Action item: Print the lines from the one containing "this 1504×1334 image." through the end of the material below, both included, exactly as they appear and without pictures.
+++ Records to use +++
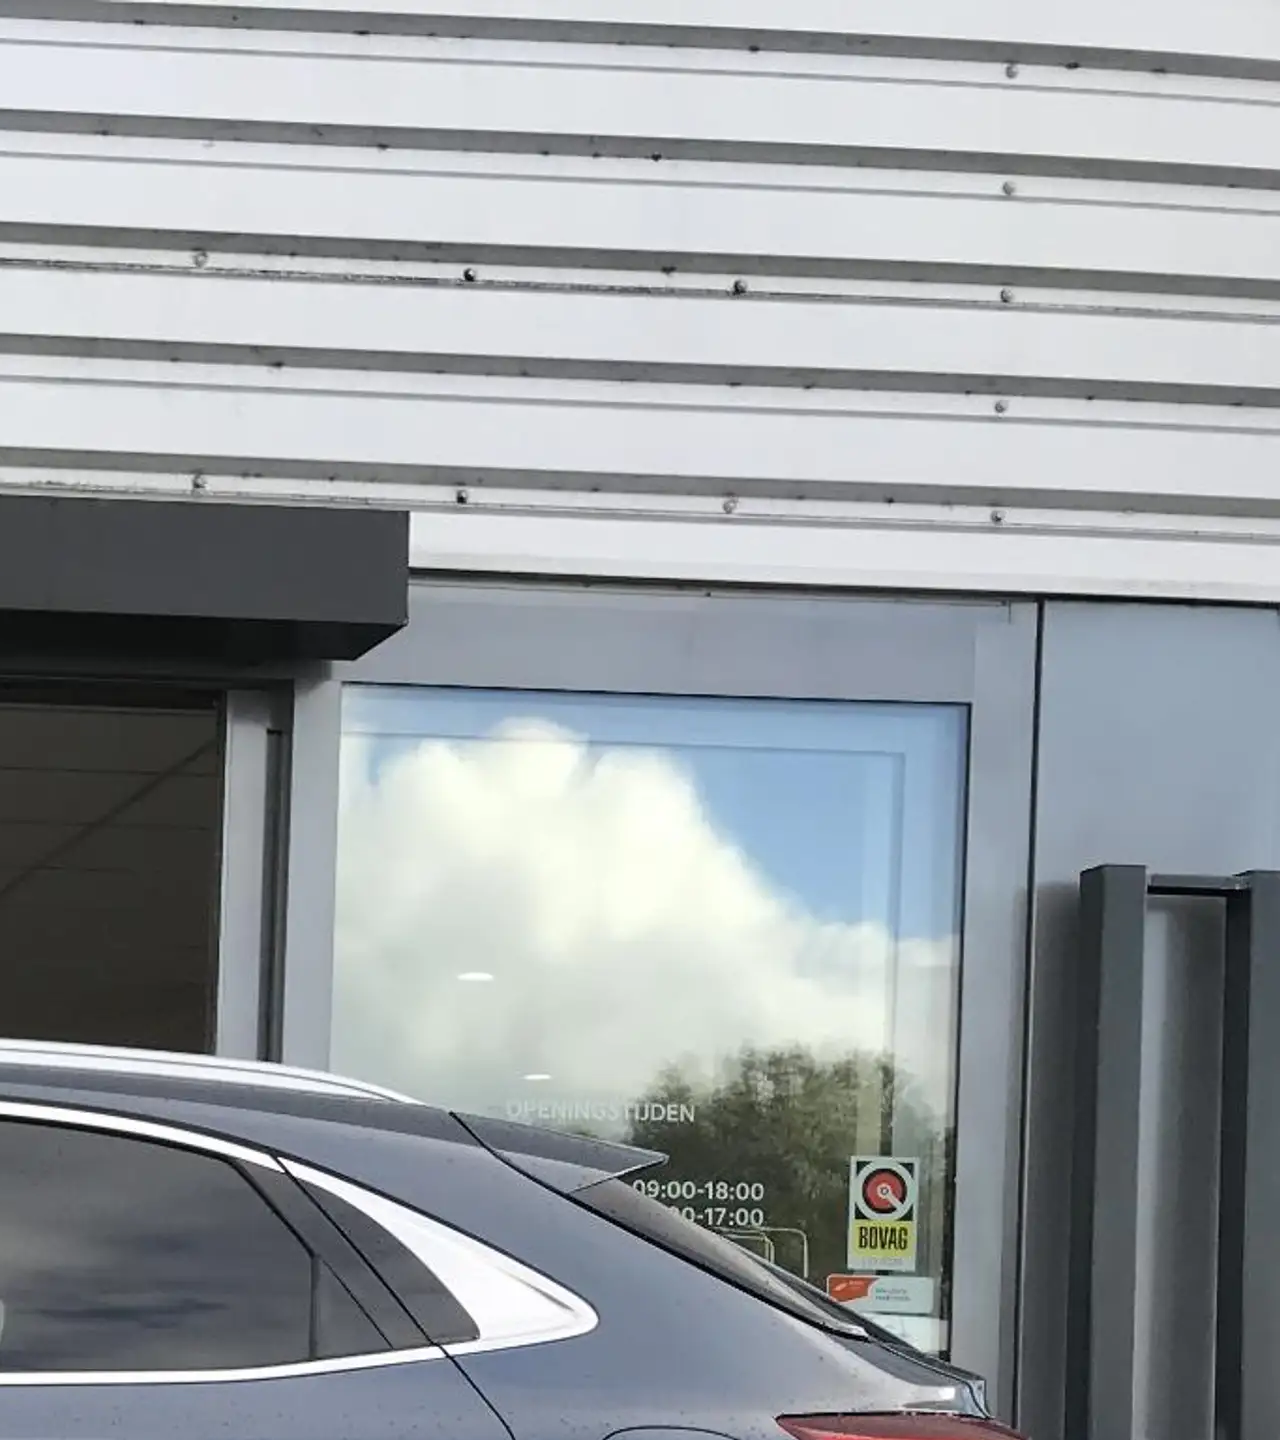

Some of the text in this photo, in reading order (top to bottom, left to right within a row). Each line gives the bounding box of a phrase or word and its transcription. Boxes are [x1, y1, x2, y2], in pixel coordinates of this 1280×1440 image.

[506, 1101, 695, 1123] OPENINGSTIJDEN
[632, 1179, 765, 1201] 09:00-18:00
[858, 1226, 909, 1251] BOVAG
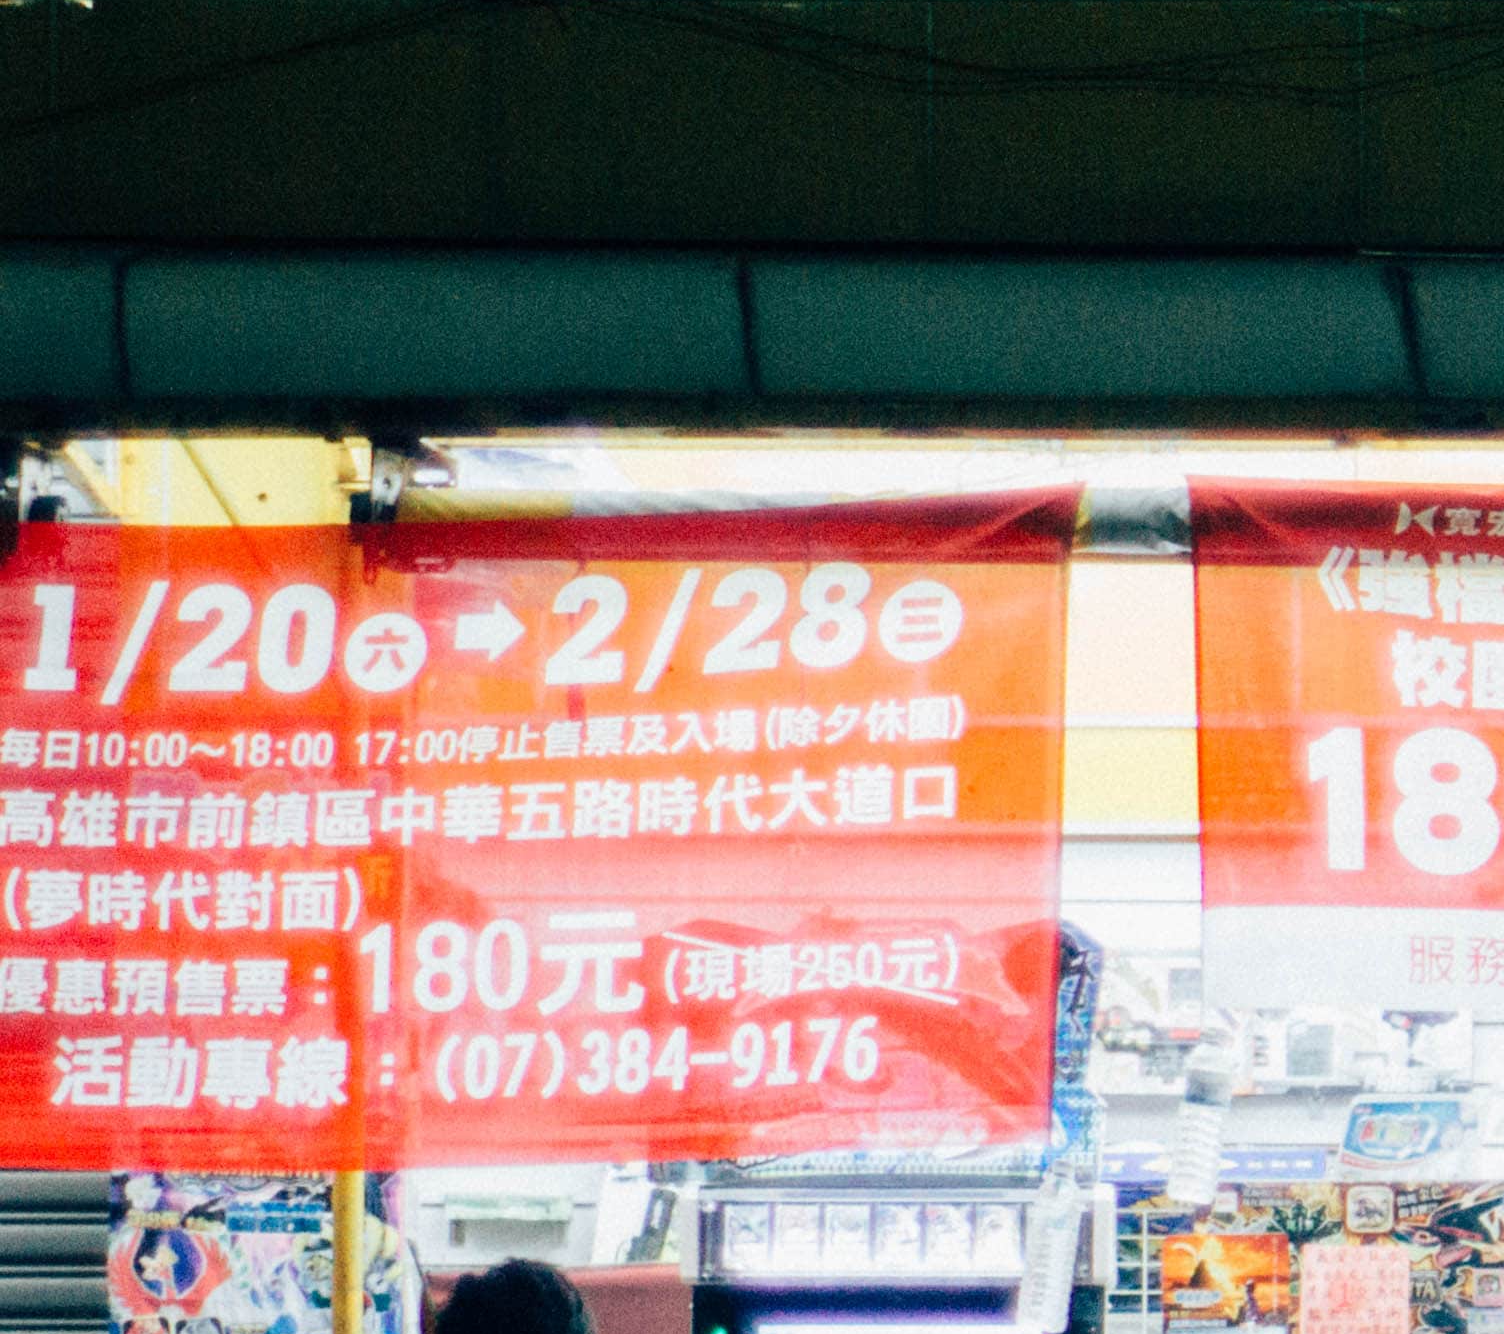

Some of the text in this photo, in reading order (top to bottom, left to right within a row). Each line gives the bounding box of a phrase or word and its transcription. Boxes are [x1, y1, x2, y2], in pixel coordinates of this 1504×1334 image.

[4, 867, 361, 933] (夢時代對面)
[358, 908, 647, 1017] 180元
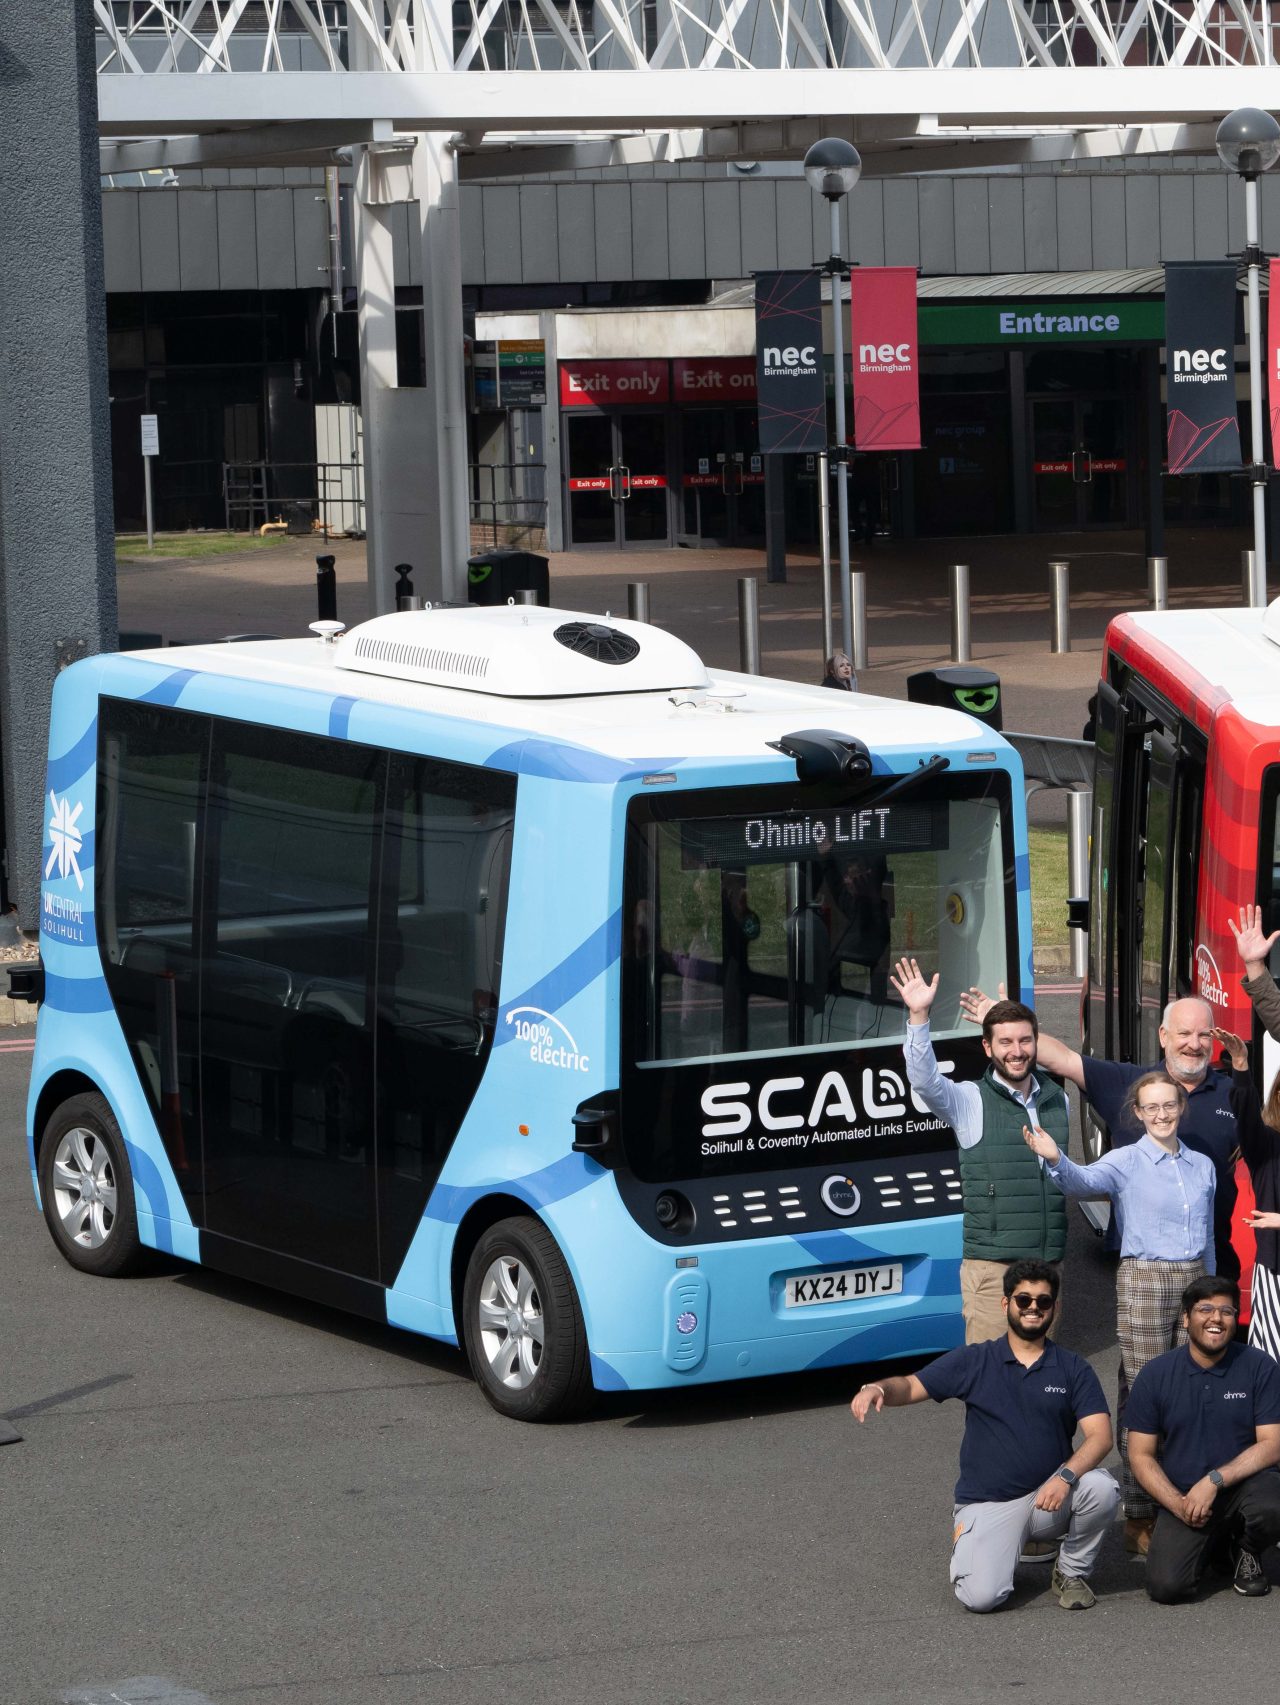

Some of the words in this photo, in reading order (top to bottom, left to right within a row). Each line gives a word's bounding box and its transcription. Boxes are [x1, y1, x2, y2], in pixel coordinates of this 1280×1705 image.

[1000, 312, 1120, 334] Entrance
[763, 346, 816, 367] nec
[859, 343, 911, 363] nec
[1173, 349, 1227, 372] nec
[682, 370, 722, 389] Exit
[729, 369, 757, 388] on
[764, 367, 817, 377] Birmingham
[860, 364, 911, 374] Birmingham
[1174, 373, 1227, 384] Birmingham
[569, 373, 610, 392] Exit
[617, 371, 660, 395] only
[592, 480, 606, 488] only
[644, 478, 658, 486] only
[705, 475, 719, 484] only
[745, 817, 827, 848] Ohmio
[835, 808, 890, 842] LIFT
[44, 918, 84, 942] SOLIHULL
[1201, 982, 1229, 1008] electric
[515, 1019, 553, 1047] 100%
[530, 1041, 589, 1072] electric
[701, 1139, 743, 1155] Solihull
[746, 1137, 755, 1150] &
[758, 1134, 809, 1150] Coventry
[812, 1127, 871, 1144] Automated
[874, 1123, 903, 1137] Links
[906, 1118, 950, 1133] Evolutio
[794, 1274, 848, 1303] KX24
[854, 1268, 894, 1295] DYJ
+++
Task answer:
Some of the text in this photo, in reading order (top to bottom, left to right within a row). Each line gives the bounding box of a phrase or word and its transcription. Boxes are [x1, y1, x2, y2], in pixel coordinates of this 1504×1334 image.

[4, 867, 361, 933] (夢時代對面)
[358, 908, 647, 1017] 180元

Some of the words in this photo, in reading order (top to bottom, left to right within a row). Each line gives a word's bounding box and its transcription. Boxes are [x1, y1, x2, y2], in pixel coordinates of this 1280×1705 image.

[1000, 312, 1120, 334] Entrance
[763, 346, 816, 367] nec
[859, 343, 911, 363] nec
[1173, 349, 1227, 372] nec
[682, 370, 722, 389] Exit
[729, 369, 757, 388] on
[764, 367, 817, 377] Birmingham
[860, 364, 911, 374] Birmingham
[1174, 373, 1227, 384] Birmingham
[569, 373, 610, 392] Exit
[617, 371, 660, 395] only
[592, 480, 606, 488] only
[644, 478, 658, 486] only
[705, 475, 719, 484] only
[745, 817, 827, 848] Ohmio
[835, 808, 890, 842] LIFT
[44, 918, 84, 942] SOLIHULL
[1201, 982, 1229, 1008] electric
[515, 1019, 553, 1047] 100%
[530, 1041, 589, 1072] electric
[701, 1139, 743, 1155] Solihull
[746, 1137, 755, 1150] &
[758, 1134, 809, 1150] Coventry
[812, 1127, 871, 1144] Automated
[874, 1123, 903, 1137] Links
[906, 1118, 950, 1133] Evolutio
[794, 1274, 848, 1303] KX24
[854, 1268, 894, 1295] DYJ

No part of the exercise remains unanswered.